Ma sull’isola avvenne un paradosso, beffardo scherzo al regime. «A San Domino eravamo liberi di essere noi stessi», spiega Giuseppe B., intervistato dallo storico e attivista Giovanni Dall’Orto nel 1987 quando l’uomo aveva 74 anni, in uno dei documenti orali più importanti sulla persecuzione degli omosessuali durante il regime fascista. «Tornare a casa significava — continuava — tornare a nascondersi, a subire i rimproveri dei genitori, le violenze dei fascisti, l’emarginazione della gente. Sull’isola, in quel pezzo di terra recintato, avevamo creato la nostra comunità».
Per la prima volta nella storia d’Italia, decine di omosessuali si ritrovarono a vivere insieme alla luce del sole, proprio come fecero i compagni di Diomede, l’eroe dell’Eneide di Virgilio che secondo il mito qui approdò, trasformati in uccelli marini (Calonectris diomedea) e liberi di vagare tra cielo e falesie bianche delle isole dopo tanto peregrinare, in una naturale autodeterminazione, seppur simbolica.

Oggi non esistono più tracce fisiche o monumentali evidenti del confino degli omosessuali a causa di una precisa strategia di rimozione storica iniziata nel dopoguerra, dello stigma sociale dei sopravvissuti che non vollero raccontare per lungo tempo e della successiva riconversione turistica dell’arcipelago, sebbene sia stata il teatro della prima e unica comunità omosessuale coatta della storia d’Italia. Non esistendo, inoltre, la categoria giuridica di “reato di omosessualità”, è stato estremamente difficile rintracciare i documenti storici, sepolti nei faldoni delle questure locali.

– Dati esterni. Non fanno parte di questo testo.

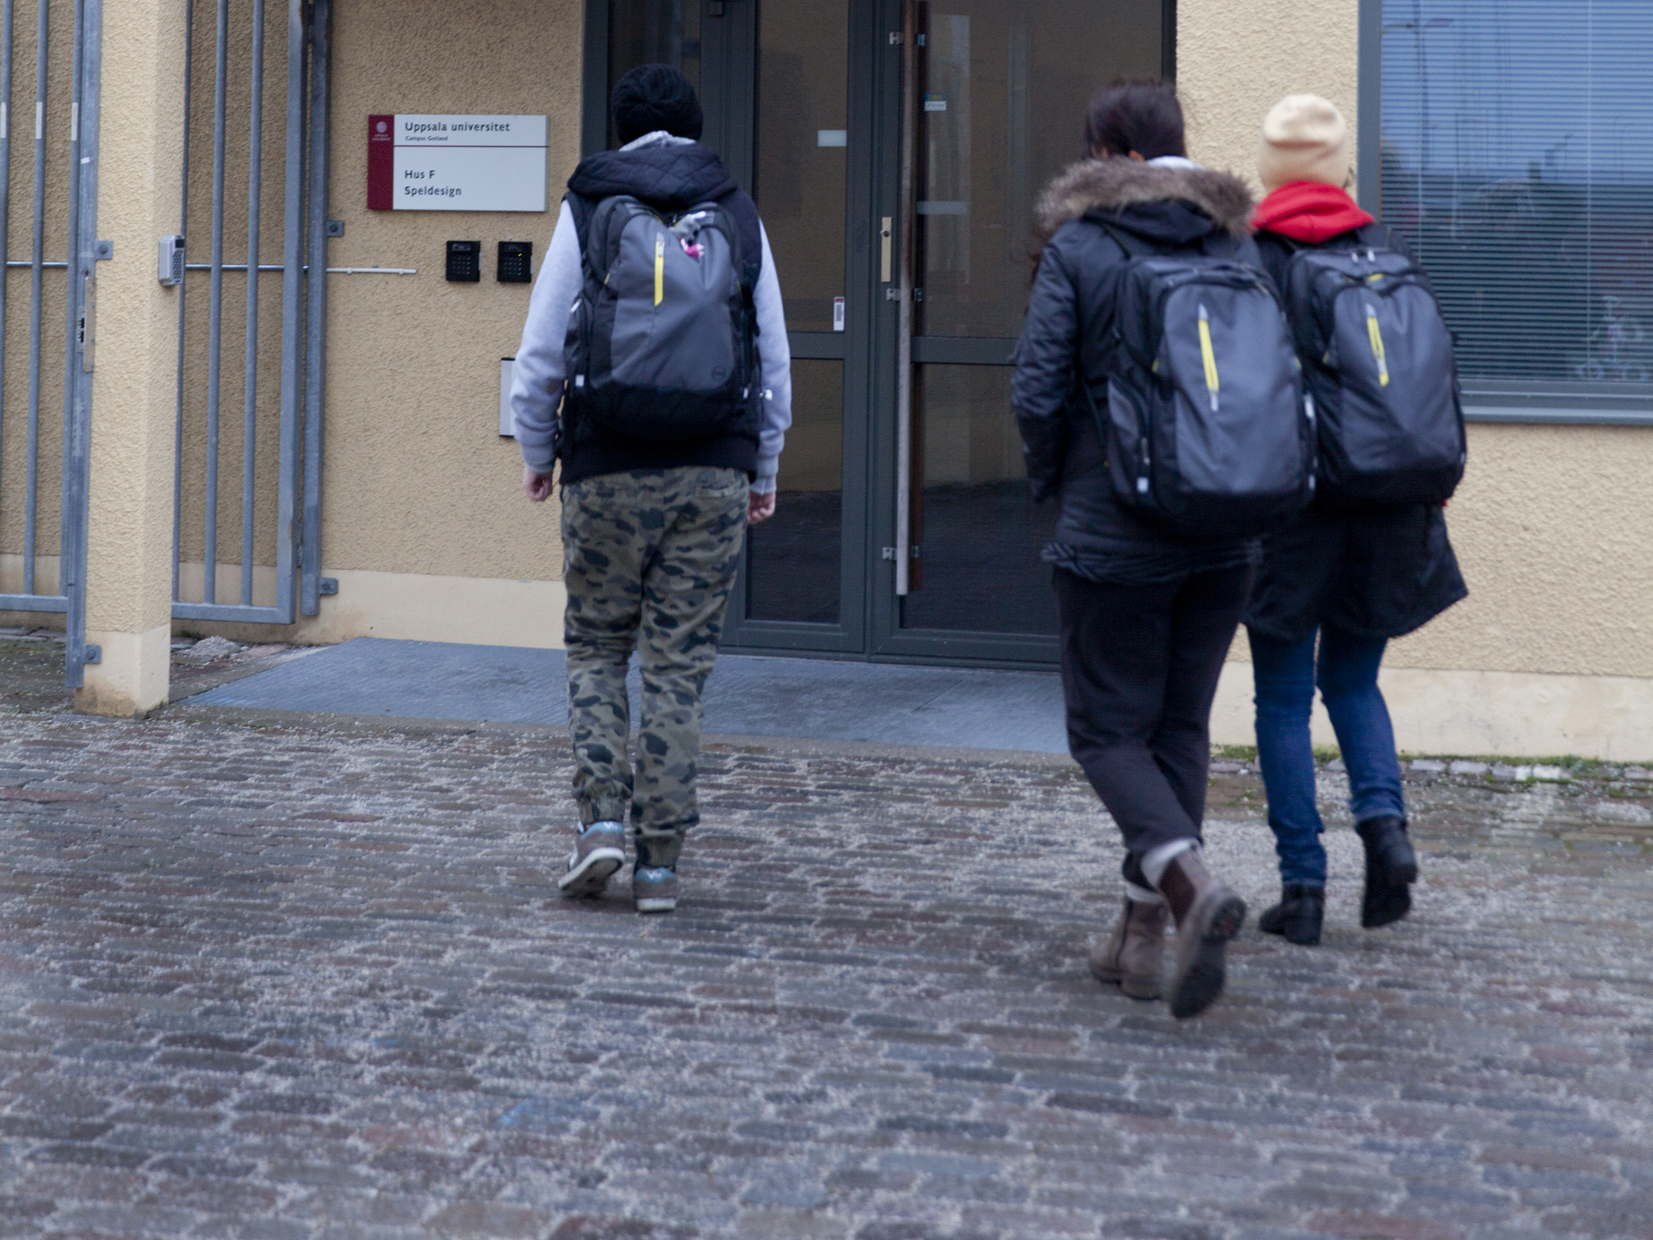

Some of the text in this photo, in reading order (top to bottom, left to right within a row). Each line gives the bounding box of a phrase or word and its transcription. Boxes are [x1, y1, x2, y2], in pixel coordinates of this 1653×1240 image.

[404, 121, 511, 134] Uppsala universitet
[404, 169, 436, 179] Hus F
[404, 185, 462, 198] Speldesign

Sulle fondamenta di quegli stanzoni di detenzione, nel dopoguerra, sono state edificate strutture ricettive turistiche, cambiando completamente volto all’isola per accogliere i circa 200mila visitatori all’anno che fanno da spola tra un’isola e l’altra a bordo di taxiboat, sorvegliati dalla scultura del Guerriero Acheo che sovrasta il piccolo porticciolo di San Domino, commissionata dal cantautore Lucio Dalla che qui vi stabilì dimora e studio di registrazione.

Attraversare le Tremiti è un viaggio nella storia. Nel suo chilometro e mezzo circa di lunghezza, l’isola di San Nicola è stata epicentro di altre prigionie: prima con l’istituzione nel 1792 della colonia penale da parte di re Ferdinando IV cambiando destinazione d’uso all’imponente — e meravigliosa — Abbazia di Santa Maria a Mare, poi dopo l’Unità d’Italia, quando nel 1911 il governo di Giovanni Giolitti, a seguito della rivolta di Sciara-Sciat e della resistenza libica contro l’occupazione italiana, qui deportò 1.350 uomini, donne e bambini, molti dei quali perirono di denutrizione, colera, tifo e stenti quotidiani. La struttura borbonica, progettata per poche centinaia di posti, collassò.

Là dove era presente una fossa comune, sorge il primo mausoleo italiano per i deportati libici. Rivolto verso La Mecca, accoglie dal 2006 i resti e i nomi delle circa 400 persone che qui trovarono la morte. Questa vicenda storica è tornata alla ribalta internazionale in tempi più recenti (nel 1989 e nel 2005), quando il leader libico Muammar Gheddafi utilizzò provocatoriamente la presenza del cimitero coloniale per rivendicare la sovranità libica sulle Isole Tremiti come forma di risarcimento per i crimini di guerra italiani.
Confino per antifascisti e omosessuali, luogo durissimo di detenzione in diverse epoche, oggi i muri non stringono più il respiro, ma si fanno memoria anche grazie alla Rete dei Centri Studi delle Isole di Confino.